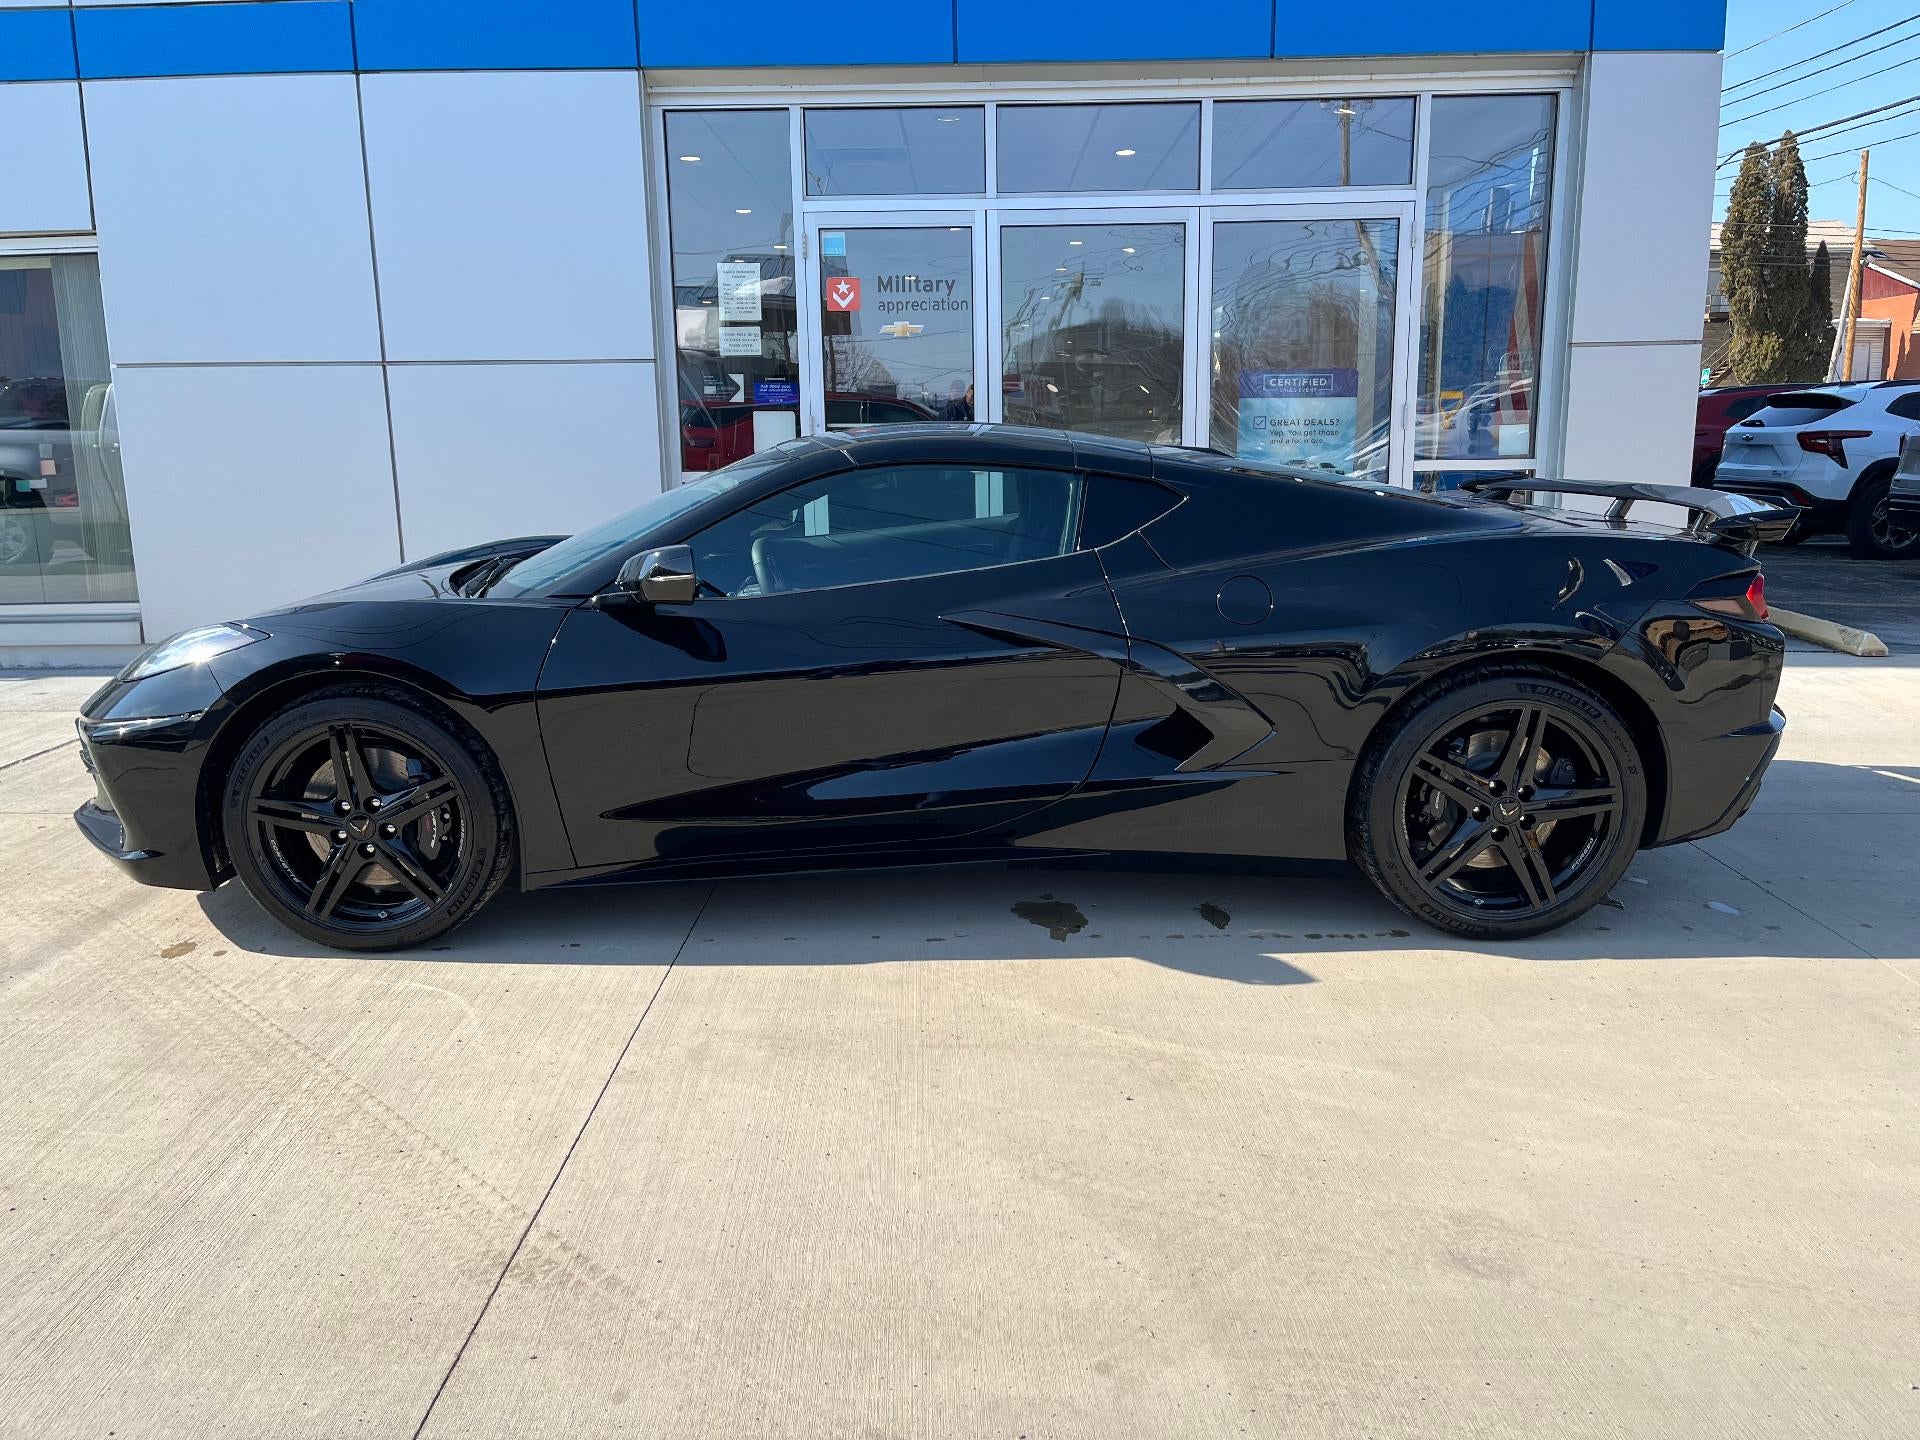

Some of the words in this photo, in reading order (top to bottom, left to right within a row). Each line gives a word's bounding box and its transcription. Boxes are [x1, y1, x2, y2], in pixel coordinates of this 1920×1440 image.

[877, 274, 956, 297] Military
[878, 297, 969, 314] appreciation
[1269, 378, 1328, 387] CERTIFIED
[1269, 418, 1300, 427] GREAT
[1303, 417, 1340, 426] DEALS?
[1534, 684, 1603, 720] MICHELIN
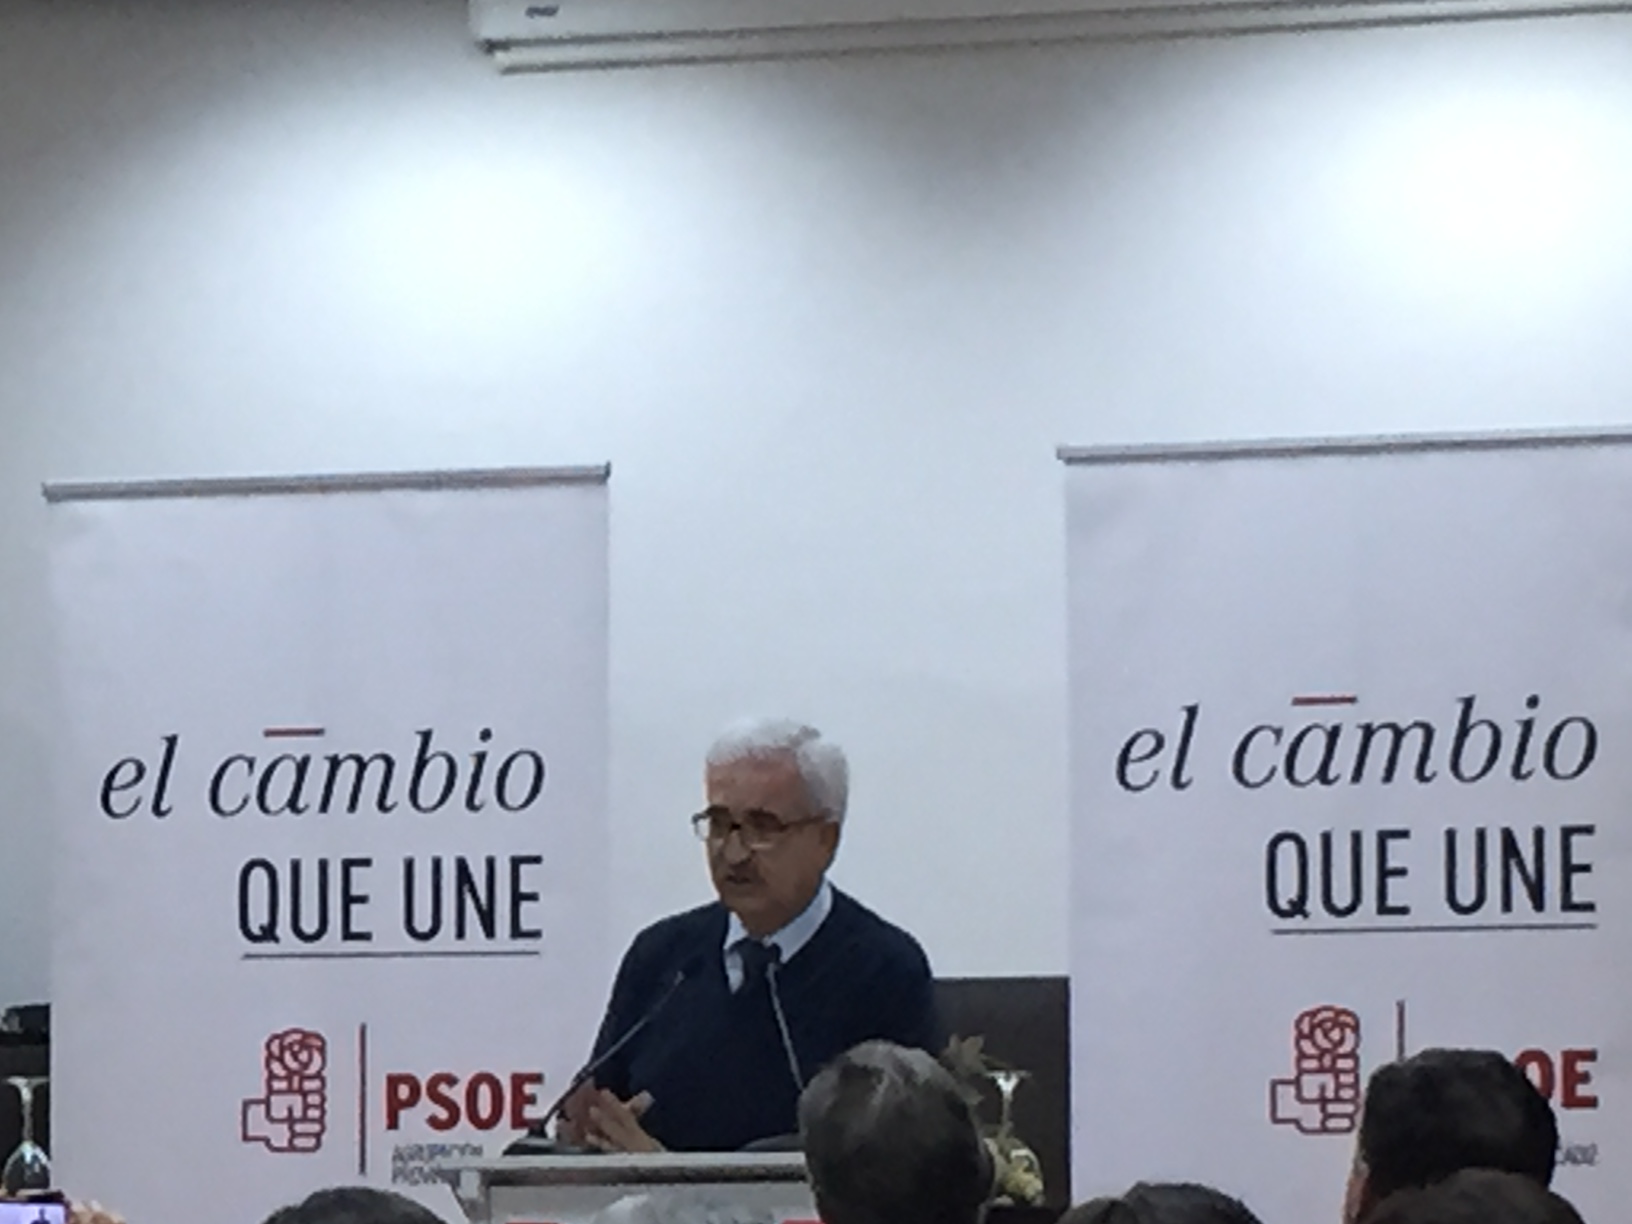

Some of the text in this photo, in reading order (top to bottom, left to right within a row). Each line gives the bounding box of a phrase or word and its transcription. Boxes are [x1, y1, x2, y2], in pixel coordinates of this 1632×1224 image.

[99, 728, 546, 820] el cambio
[1115, 694, 1598, 792] el cambio
[237, 855, 543, 944] QUE UNE
[1266, 825, 1597, 919] QUE UNE
[385, 1072, 544, 1131] PSOE
[1515, 1049, 1599, 1109] OE
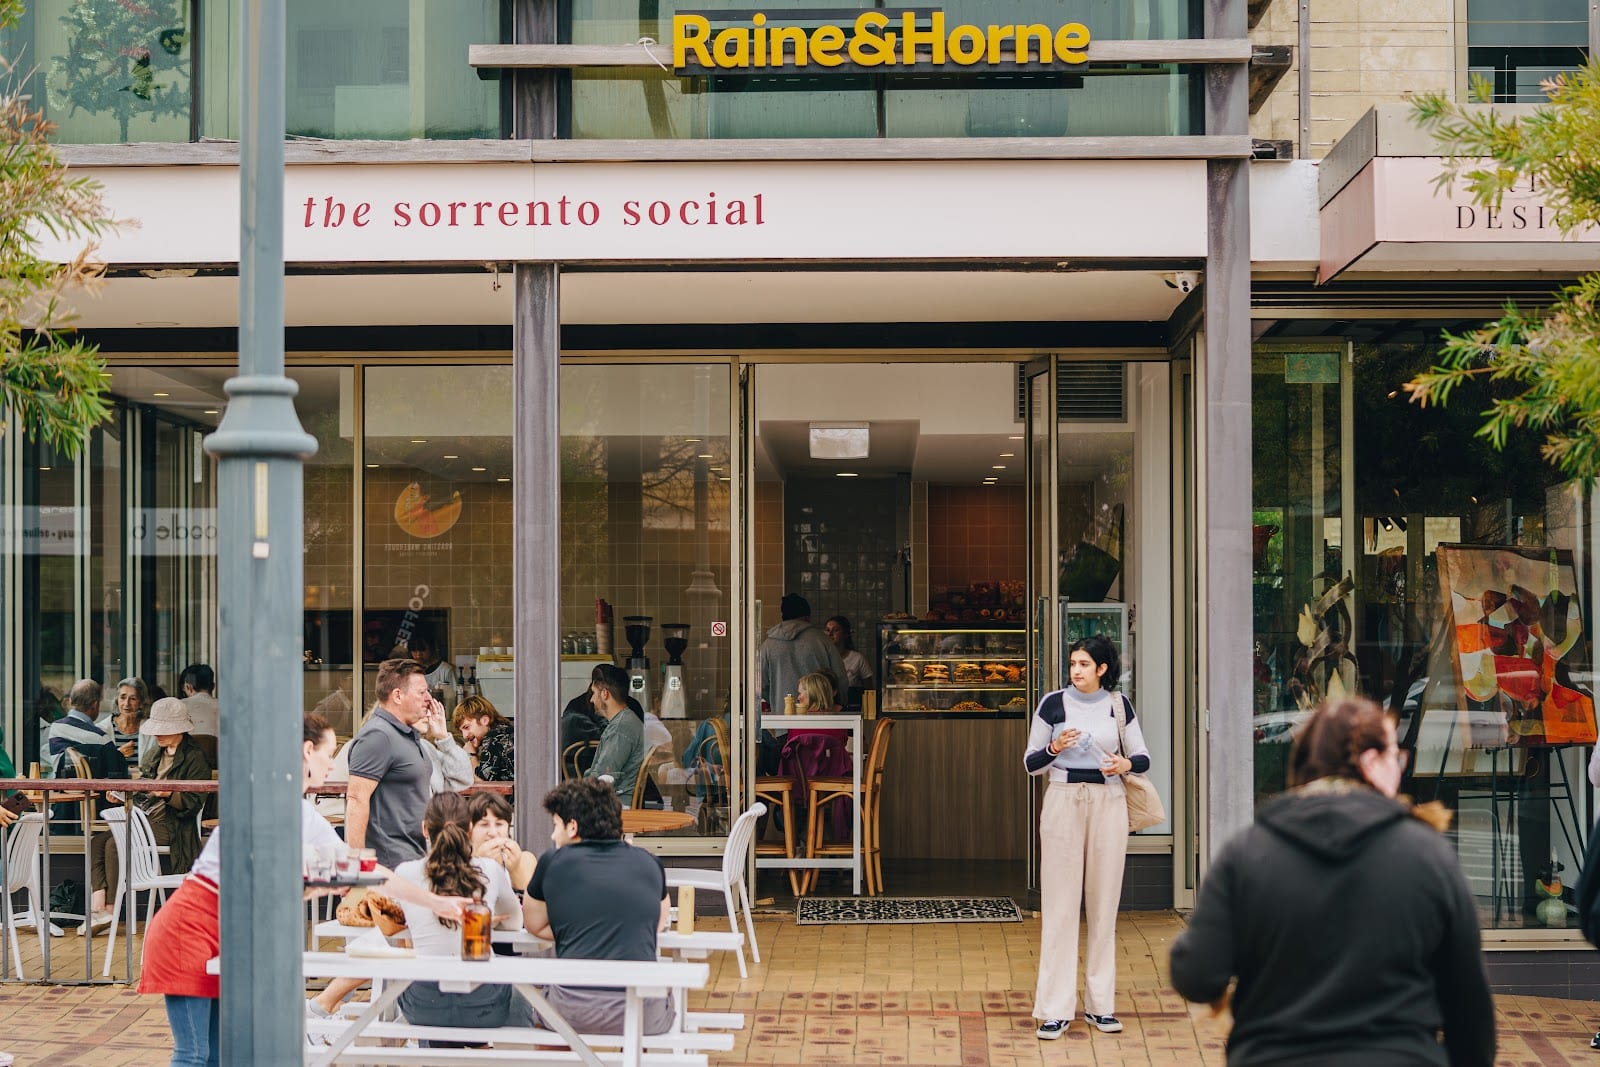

- _Problem_: Only the pictures are dropped. Otherwise, write out the listing exactly.

- _Answer to this exercise_:
Some of the words in this photo, in reading order (top to bottom, left to right within a row). Each line gives a word's bounding box and its transcription. Boxes are [x1, y1, x2, y2], in pixel coordinates of this 1920×1440 image.

[877, 274, 956, 297] Military
[878, 297, 969, 314] appreciation
[1269, 378, 1328, 387] CERTIFIED
[1269, 418, 1300, 427] GREAT
[1303, 417, 1340, 426] DEALS?
[1534, 684, 1603, 720] MICHELIN

Some of the text in this photo, in reading order (top to bottom, left to right within a row). Each line gives the bounding box of a phrase or word and its transcription. Boxes are [x1, y1, x2, y2], in pixel coordinates of this 1632×1224 image.

[99, 728, 546, 820] el cambio
[1115, 694, 1598, 792] el cambio
[237, 855, 543, 944] QUE UNE
[1266, 825, 1597, 919] QUE UNE
[385, 1072, 544, 1131] PSOE
[1515, 1049, 1599, 1109] OE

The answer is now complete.